‘Cat Lady’ Yes, Crazy No
Although it is not my given name, I am called Kat by most of my friends simply because cats seem to be drawn to my doorstep for one reason or another. I love all animals, but cats have been the most important in my life. My nickname started as a joke many years ago. I was fostering a number of rescue cats that had been temporarily removed from their shelter. A friend took one look at my boarders and in horror said she hoped I was not going to turn into one of those “crazy cat ladies.”
At the time I thought she was joking, and proudly said that I hoped I would. She was not.
I was happy to be known as a crazy cat lady, but began to take umbrage at the “crazy” part—the idea that because I was a female of a certain age, loved cats, and worked for their welfare, I was crazy. There are just as many gentlemen who adore their felines, and whether we cat women are a bit eccentric is beside the point. There are people with a love for polar bears, shiba inu, or hummingbirds (all wonderful creatures in their own right) who are not defined by it.
Some people were getting downright nasty about it. So I dropped the Crazy and became Kat.
With your permission, I would like to use this column to discuss the myths and untruths about cats and those of us who love them, while at the same time sharing some stories about interesting cats and a few of the humans they have owned. I hope you will share as well. Most of all, I would like to have fun and a few laughs with the cats—but never at them (they hate being laughed at more than anything).
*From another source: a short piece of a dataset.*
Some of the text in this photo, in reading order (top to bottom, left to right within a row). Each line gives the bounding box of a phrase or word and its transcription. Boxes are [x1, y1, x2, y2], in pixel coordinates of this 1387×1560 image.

Lesson #1 in being owned by a cat: They get even for insults (intended or not), late meals, and dirty litterboxes. That is the short list, anyway. Each feline has his or her own set of rules, and it is up to us mere mortals to figure them out. They were once worshipped, and they have not forgotten that. They allowed us to domesticate them and render them helpless in this world, and it is our responsibility to repay them for their sacrifice.
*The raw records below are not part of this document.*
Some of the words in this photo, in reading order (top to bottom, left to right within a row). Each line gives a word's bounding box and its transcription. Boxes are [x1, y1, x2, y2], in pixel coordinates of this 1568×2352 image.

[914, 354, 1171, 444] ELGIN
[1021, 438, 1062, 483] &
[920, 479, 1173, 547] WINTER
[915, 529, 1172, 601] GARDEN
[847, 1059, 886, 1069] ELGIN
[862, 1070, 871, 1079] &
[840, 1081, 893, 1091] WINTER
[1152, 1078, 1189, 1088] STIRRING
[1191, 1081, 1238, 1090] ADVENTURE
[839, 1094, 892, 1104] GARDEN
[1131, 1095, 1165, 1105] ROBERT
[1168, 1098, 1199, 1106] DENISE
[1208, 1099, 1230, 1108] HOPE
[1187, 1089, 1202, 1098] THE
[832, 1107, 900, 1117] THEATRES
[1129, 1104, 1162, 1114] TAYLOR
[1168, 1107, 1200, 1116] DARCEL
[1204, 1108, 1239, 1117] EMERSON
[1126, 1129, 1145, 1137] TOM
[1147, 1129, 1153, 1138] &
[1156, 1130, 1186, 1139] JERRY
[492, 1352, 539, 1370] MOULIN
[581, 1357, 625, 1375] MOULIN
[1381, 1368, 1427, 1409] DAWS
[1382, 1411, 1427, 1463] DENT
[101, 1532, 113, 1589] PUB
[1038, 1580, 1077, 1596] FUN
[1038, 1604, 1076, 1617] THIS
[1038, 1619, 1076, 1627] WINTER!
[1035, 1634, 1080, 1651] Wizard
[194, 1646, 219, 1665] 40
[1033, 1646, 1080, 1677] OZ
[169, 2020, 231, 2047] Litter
Myth #1: Most people are cat people or dog people. Recently I read that cat people are cold, introverted, and anti-social while dog people are outgoing and friendly. I prefer to think that we who like cats or dogs (or any creature) are just animal-lovers. The preferences are all over the map.
My reasons for loving cats are many. The biggest goes back to the fact that I was allergic to almost every living thing outdoors while growing up—except cats. So I could be found in my room reading a book on many days when the pollen or asphalt or whatever was making me miserable. When I could, I rode horses or played with dogs or rabbits, but those days were few and far between. My most constant companion was a cat. What is more natural than to have a cat curled up next to one in that situation? I still associate the burning of Atlanta in Gone with the Wind with loud purring.
As I grew older, cats were just part of my being. In my mind, a house is just not a home without one. Reading with a cat or two by my side is still how I wind down every night. And purring has lowered my
blood pressure considerably, which makes my cardiologist happy too.
Albert Schweitzer said, “There are two means of refuge from the misery of life—music and cats.” I concur. Though I would add to the list good books and excellent friends, not necessarily in that order.
Above: The author's cat Yoshi enjoys some web-surfing--feline style.
Kat Brown of Albuquerque is a lifelong animal-lover, especially of cats. She wears many hats, but animal-lover is perhaps the one that has given her the most pleasure. Share your cat stories or comments at firstname.lastname@example.org.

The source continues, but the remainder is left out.